→ GOAL OF THE EXERCISE
A word-for-word copy of the data is what's wanted; pictures stay out of it.

*** Begin section ***

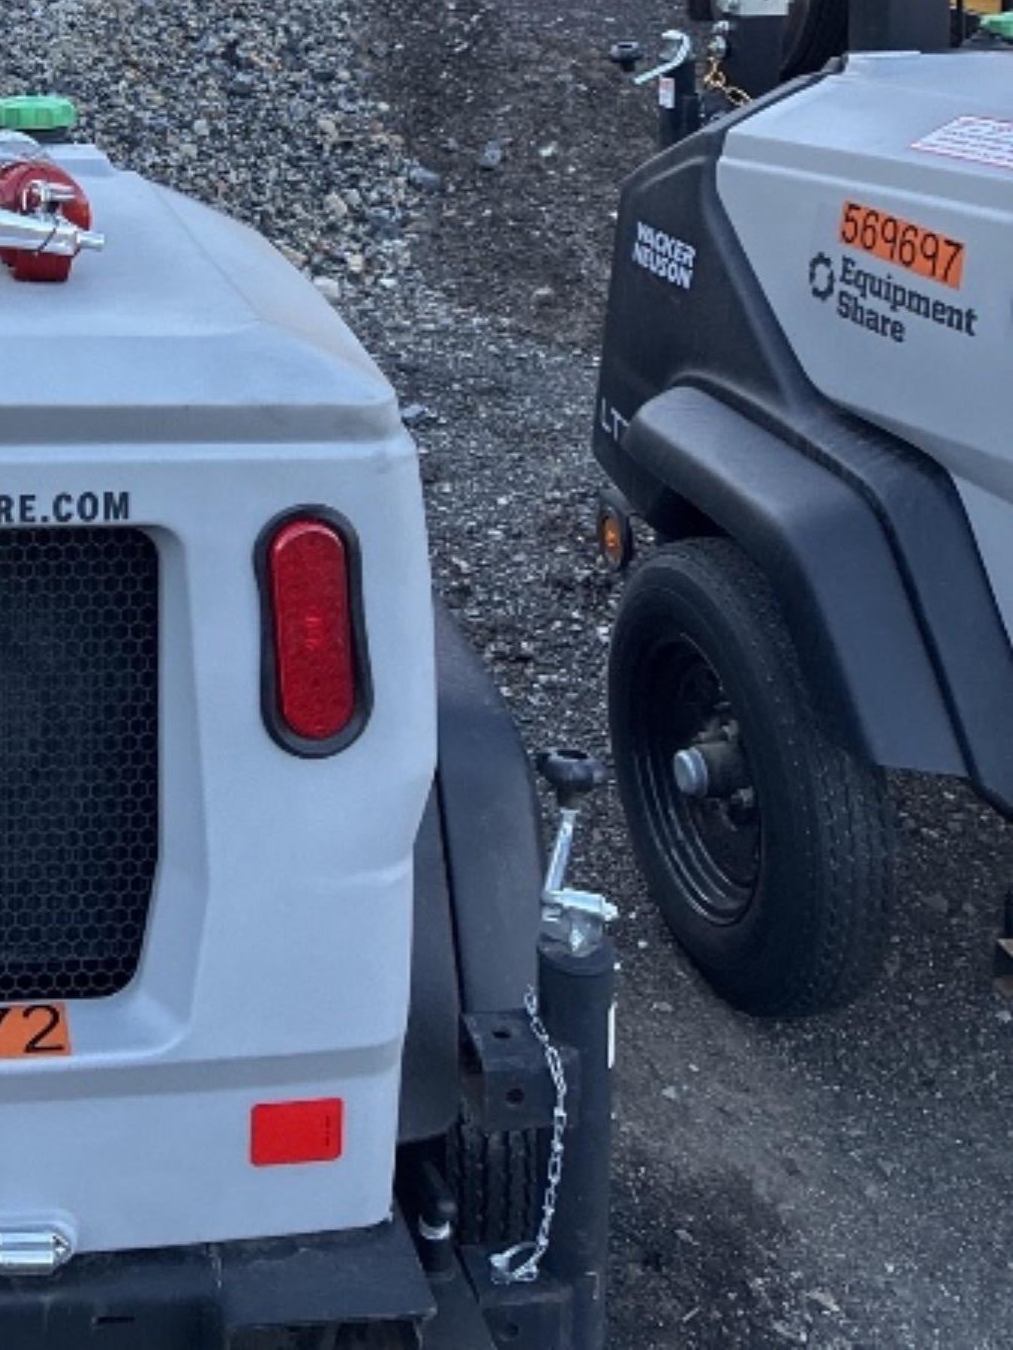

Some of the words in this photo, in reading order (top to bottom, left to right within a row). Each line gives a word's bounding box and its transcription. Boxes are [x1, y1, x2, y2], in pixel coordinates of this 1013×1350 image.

[633, 244, 694, 289] NEUSON
[636, 221, 696, 267] WACKER
[841, 202, 964, 283] 569697
[836, 292, 907, 344] Share
[838, 255, 978, 337] Equipment

*** End section ***

→ WRITTEN ANSWER
Some of the words in this photo, in reading order (top to bottom, left to right within a row). Each line gives a word's bounding box and its transcription. Boxes are [x1, y1, x2, y2], in pixel coordinates of this 1013×1350 image.

[633, 244, 694, 289] NEUSON
[636, 221, 696, 267] WACKER
[841, 202, 964, 283] 569697
[836, 292, 907, 344] Share
[838, 255, 978, 337] Equipment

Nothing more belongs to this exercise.